__Instructions to follow__. When you reproduce these records, keep every word exactly and drop the images.

[[ Excerpted data, beginning ]]

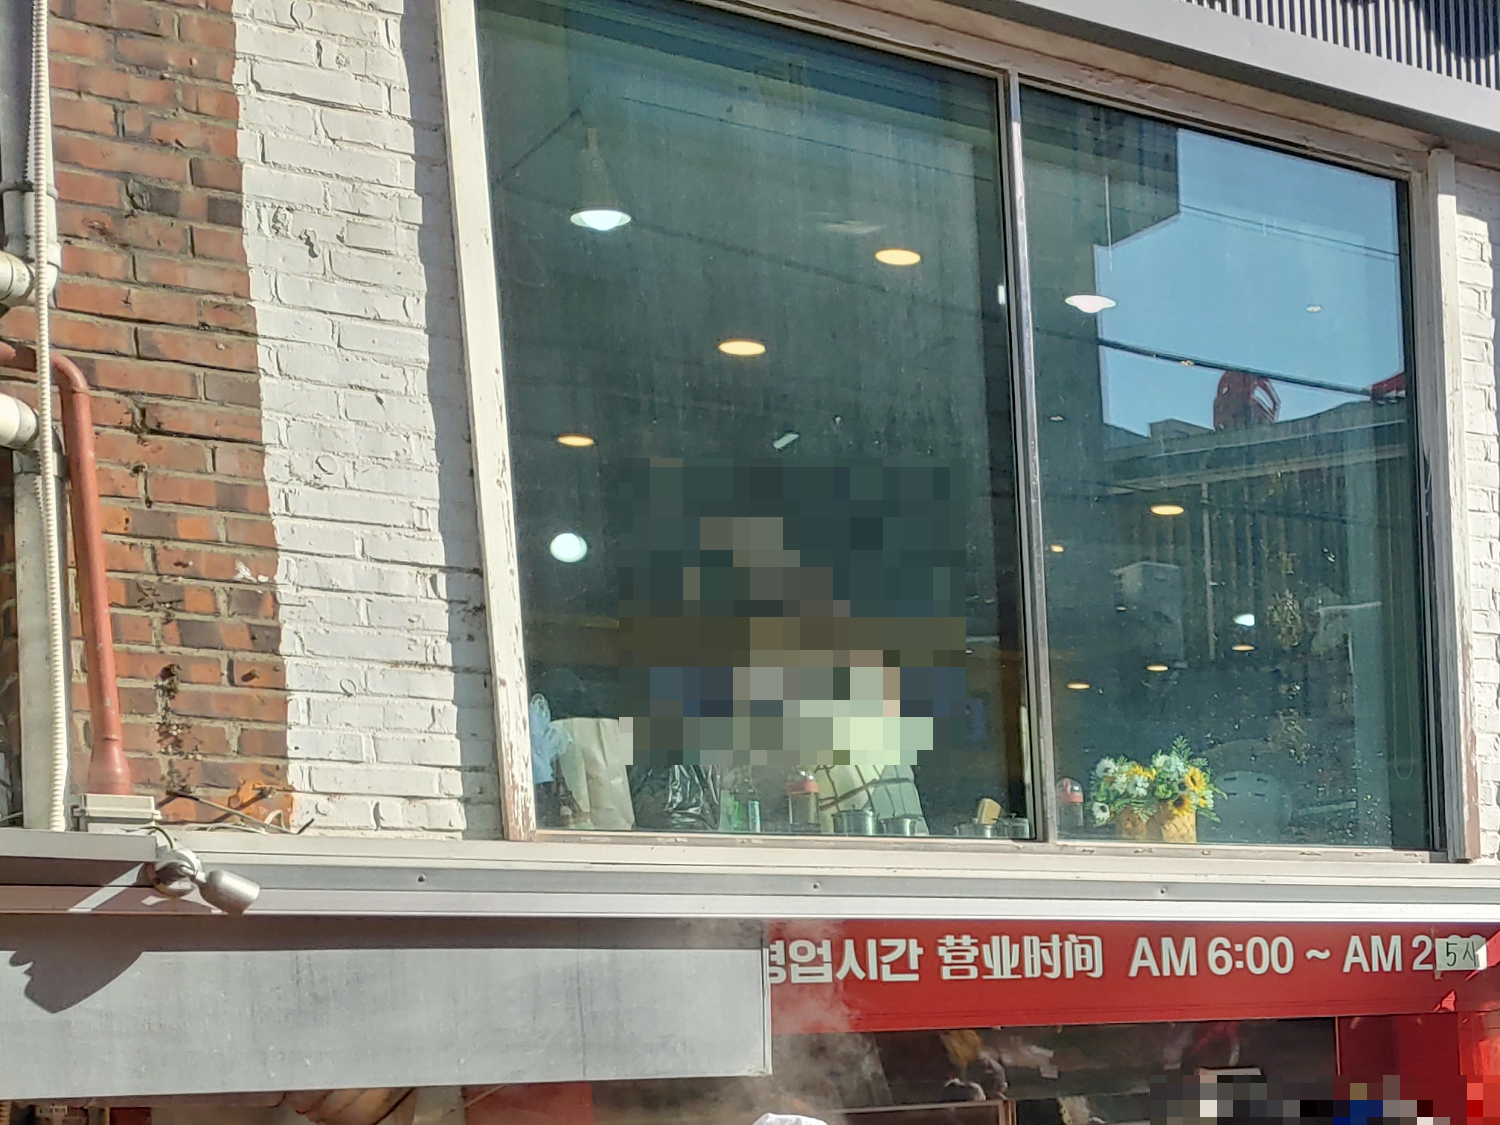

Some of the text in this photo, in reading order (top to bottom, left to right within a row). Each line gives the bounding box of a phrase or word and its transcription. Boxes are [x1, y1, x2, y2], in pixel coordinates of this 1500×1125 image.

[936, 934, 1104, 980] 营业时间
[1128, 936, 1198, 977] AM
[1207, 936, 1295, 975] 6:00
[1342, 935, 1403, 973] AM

[[ Excerpted data, end ]]

__Task solution__.
Some of the text in this photo, in reading order (top to bottom, left to right within a row). Each line gives the bounding box of a phrase or word and its transcription. Boxes are [x1, y1, x2, y2], in pixel coordinates of this 1500×1125 image.

[936, 934, 1104, 980] 营业时间
[1128, 936, 1198, 977] AM
[1207, 936, 1295, 975] 6:00
[1342, 935, 1403, 973] AM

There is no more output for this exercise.